──────── RECORDS PROVIDED ────────

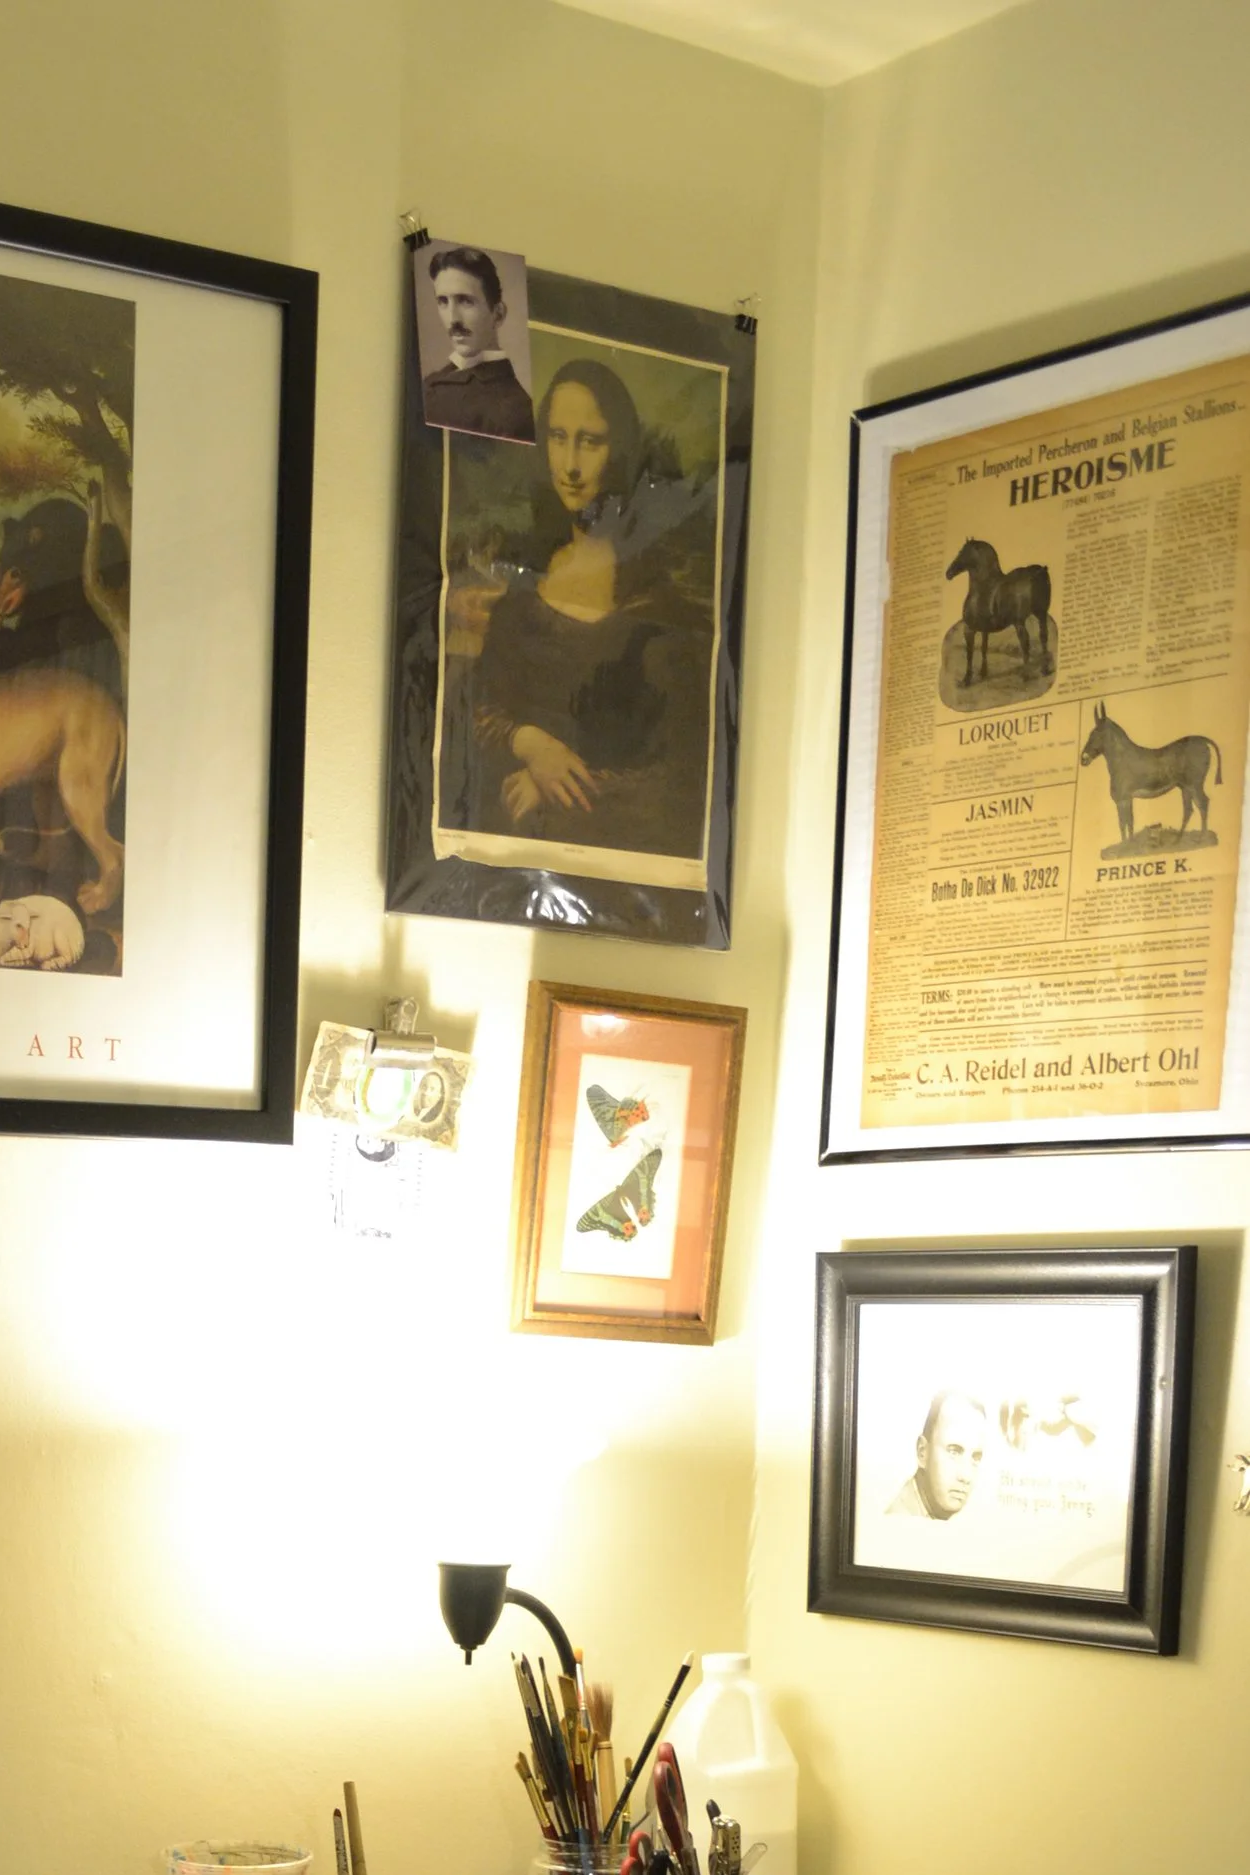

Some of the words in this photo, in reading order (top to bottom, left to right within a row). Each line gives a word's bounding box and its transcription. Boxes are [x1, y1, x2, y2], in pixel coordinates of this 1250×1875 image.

[957, 464, 978, 485] The
[982, 447, 1033, 478] Imported
[1038, 437, 1098, 463] Percheron
[1103, 422, 1126, 446] and
[1132, 413, 1178, 438] Belgian
[1182, 399, 1237, 425] Stallions
[1009, 438, 1177, 508] HEROISME
[959, 712, 1053, 746] LORIQUET
[965, 794, 1035, 823] JASMIN
[961, 878, 974, 899] De
[976, 874, 997, 897] Dick
[1002, 872, 1018, 894] No.
[1023, 866, 1060, 892] 32922
[1095, 860, 1167, 883] PRINCE
[1174, 857, 1193, 874] K.
[27, 1033, 123, 1062] ART
[916, 1062, 934, 1086] C.
[940, 1062, 959, 1085] A.
[966, 1057, 1027, 1085] Reidel
[1034, 1054, 1073, 1080] and
[1080, 1051, 1151, 1077] Albert
[1158, 1045, 1200, 1072] Ohl

────────

**TASK BRIEF**
Repeat the whole listing above word for word, but keep any picture out of it.

**SOLUTION TO THE EXERCISE**
Some of the words in this photo, in reading order (top to bottom, left to right within a row). Each line gives a word's bounding box and its transcription. Boxes are [x1, y1, x2, y2], in pixel coordinates of this 1250×1875 image.

[957, 464, 978, 485] The
[982, 447, 1033, 478] Imported
[1038, 437, 1098, 463] Percheron
[1103, 422, 1126, 446] and
[1132, 413, 1178, 438] Belgian
[1182, 399, 1237, 425] Stallions
[1009, 438, 1177, 508] HEROISME
[959, 712, 1053, 746] LORIQUET
[965, 794, 1035, 823] JASMIN
[961, 878, 974, 899] De
[976, 874, 997, 897] Dick
[1002, 872, 1018, 894] No.
[1023, 866, 1060, 892] 32922
[1095, 860, 1167, 883] PRINCE
[1174, 857, 1193, 874] K.
[27, 1033, 123, 1062] ART
[916, 1062, 934, 1086] C.
[940, 1062, 959, 1085] A.
[966, 1057, 1027, 1085] Reidel
[1034, 1054, 1073, 1080] and
[1080, 1051, 1151, 1077] Albert
[1158, 1045, 1200, 1072] Ohl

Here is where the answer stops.